In order to make this powerful symbol of the Tradition of the Western Mysteries more and more vivid, here’s to you the help, the Imagination of the Rose+Cross:


Imagination of the Rose+Cross

Let us imagine a wooden cross rising from below and rising towards the heavens, suddenly stopping when it rises above the dark rock, the Mount of the Skull, where it remains as a warning of the powerlessness of matter, which dies and ends like all that is born: it now burns with pain, devoured by the flames. The wood is now carbon black, a mineral.


It is in the darkness of the coal that points of light, a hidden flame, rises in seven centers: the sparkle increases and opens and radiates according to five intertwined triangles. Reds of heat. At first pentagonal, they gradually open up and intertwine: from the inverse pentagon comes the erect pentalpha of the quintessence.

They are red roses on the black cross, that when they come to overflow with their own fierce light exude a tear of red dew: this is blood that shed, it is a tear of sacrifice for the world.


But when these seven drops reach the earth, the same mineral from which the cross has hoisted itself in the beginning, a cry of joy fills the matter, and the echo passes from rock to rock and through it, making it ever finer.

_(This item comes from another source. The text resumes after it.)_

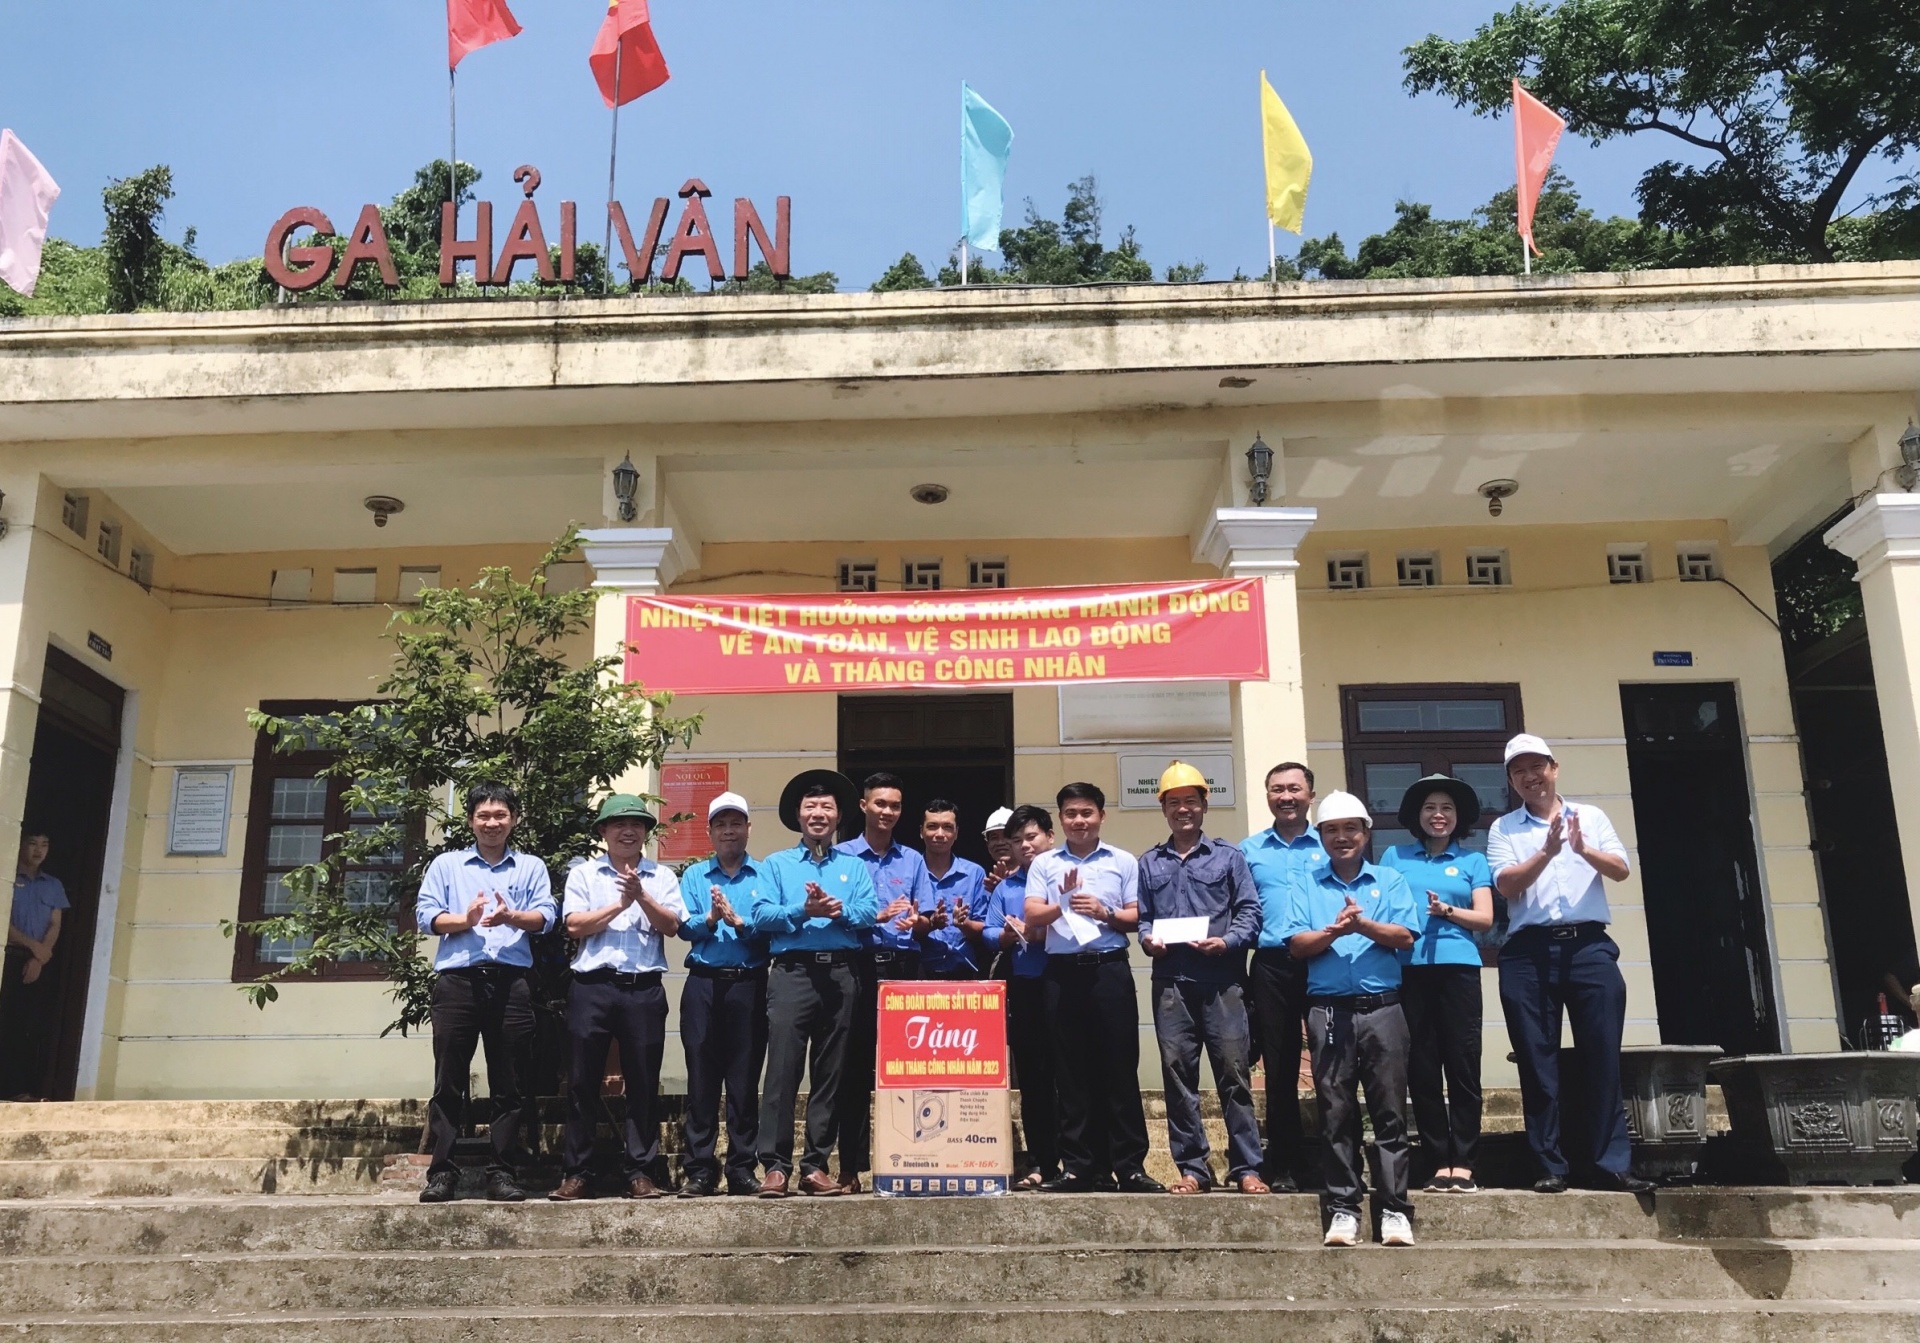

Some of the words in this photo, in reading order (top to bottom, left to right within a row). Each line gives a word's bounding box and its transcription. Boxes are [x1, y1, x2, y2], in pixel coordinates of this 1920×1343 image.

The rock becomes light woven with consciousness. The cry is the joy of the elemental spirits who recognize the face of the Risen One.

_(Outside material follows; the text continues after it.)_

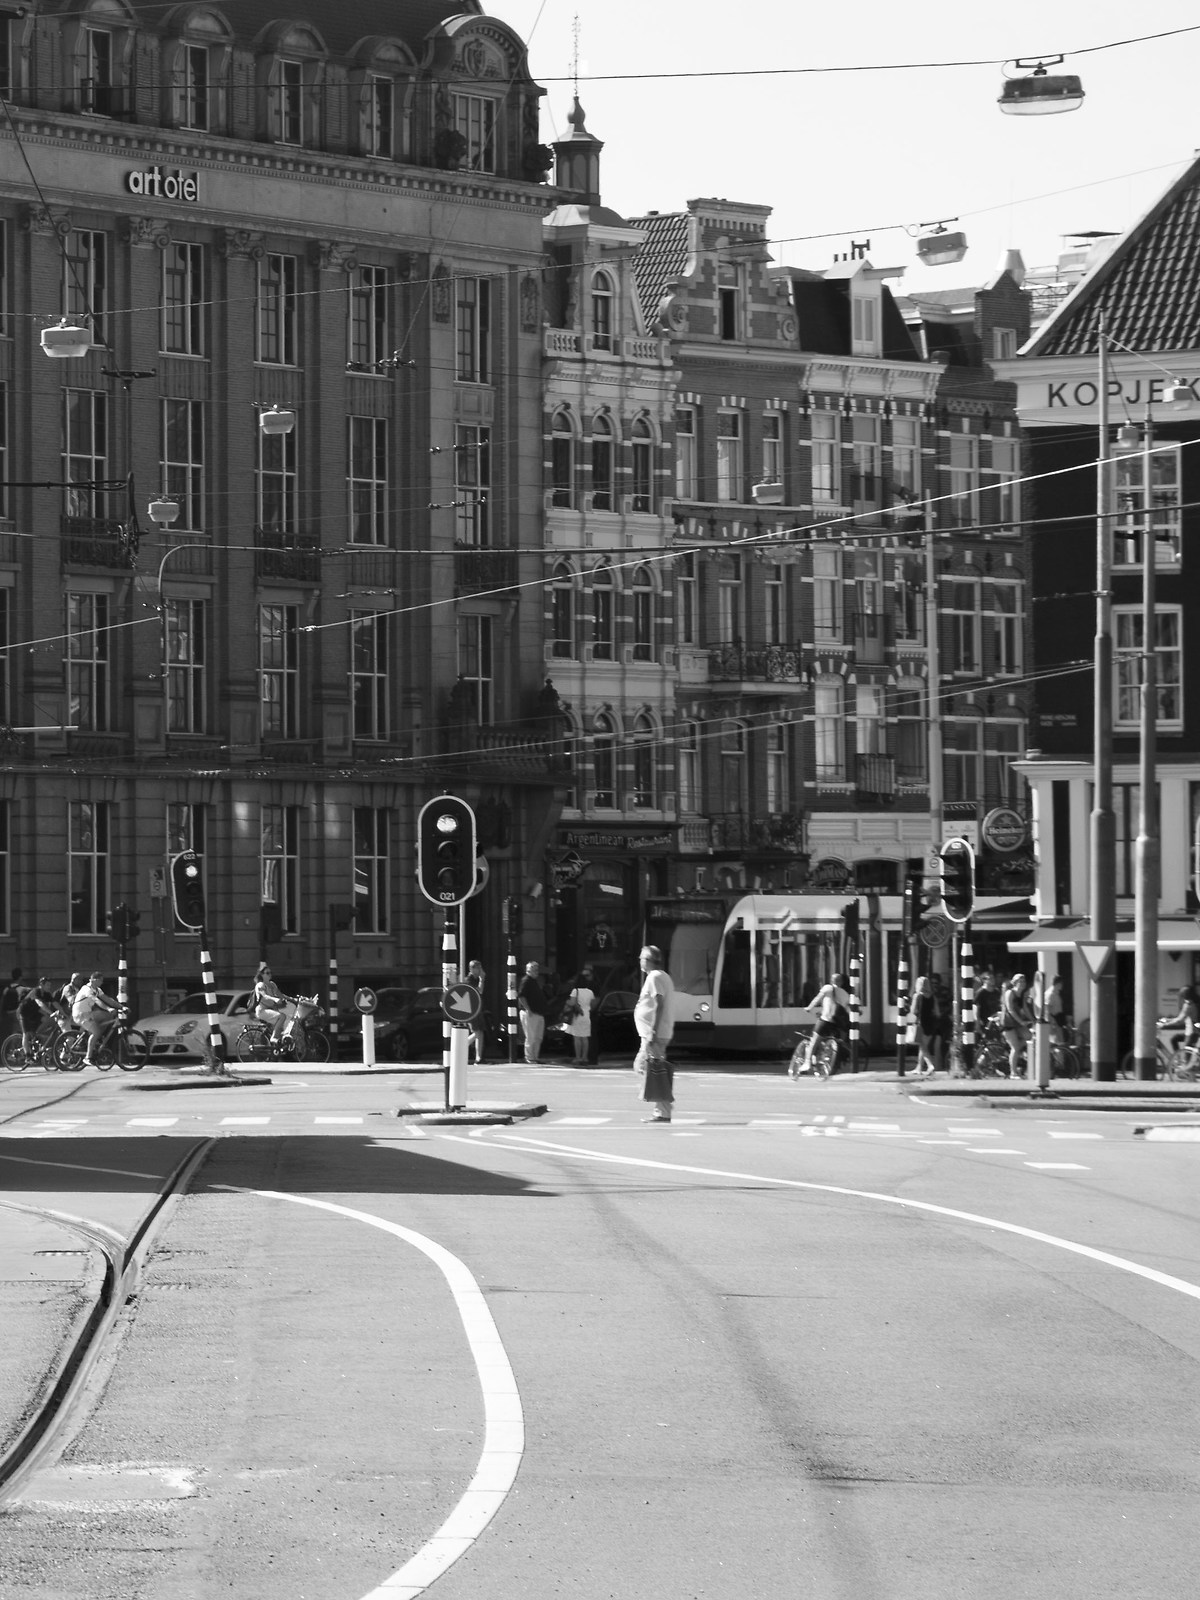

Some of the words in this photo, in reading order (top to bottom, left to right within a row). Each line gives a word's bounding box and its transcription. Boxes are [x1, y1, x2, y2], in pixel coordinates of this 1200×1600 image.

[129, 166, 162, 197] art
[164, 170, 200, 202] otel
[1048, 379, 1164, 407] KOPJE
[440, 892, 455, 901] 021

It is the Word made flesh that transmutes the atoms of the earth into etheric forces. Sophia-Maria with her feet on the crescent moon, crushes the head of the Serpent, her blood is light that hovers in the shaping world of the etheric.


When the matter thinns, we see through a new gleam: it is the intelligence of Michael whose light illuminates all that before was light condensed in the serpent, darkness. Then finally there, where matter has left room for the spirit, we see the loving gaze of the Son of Man and ourselves in his eyes.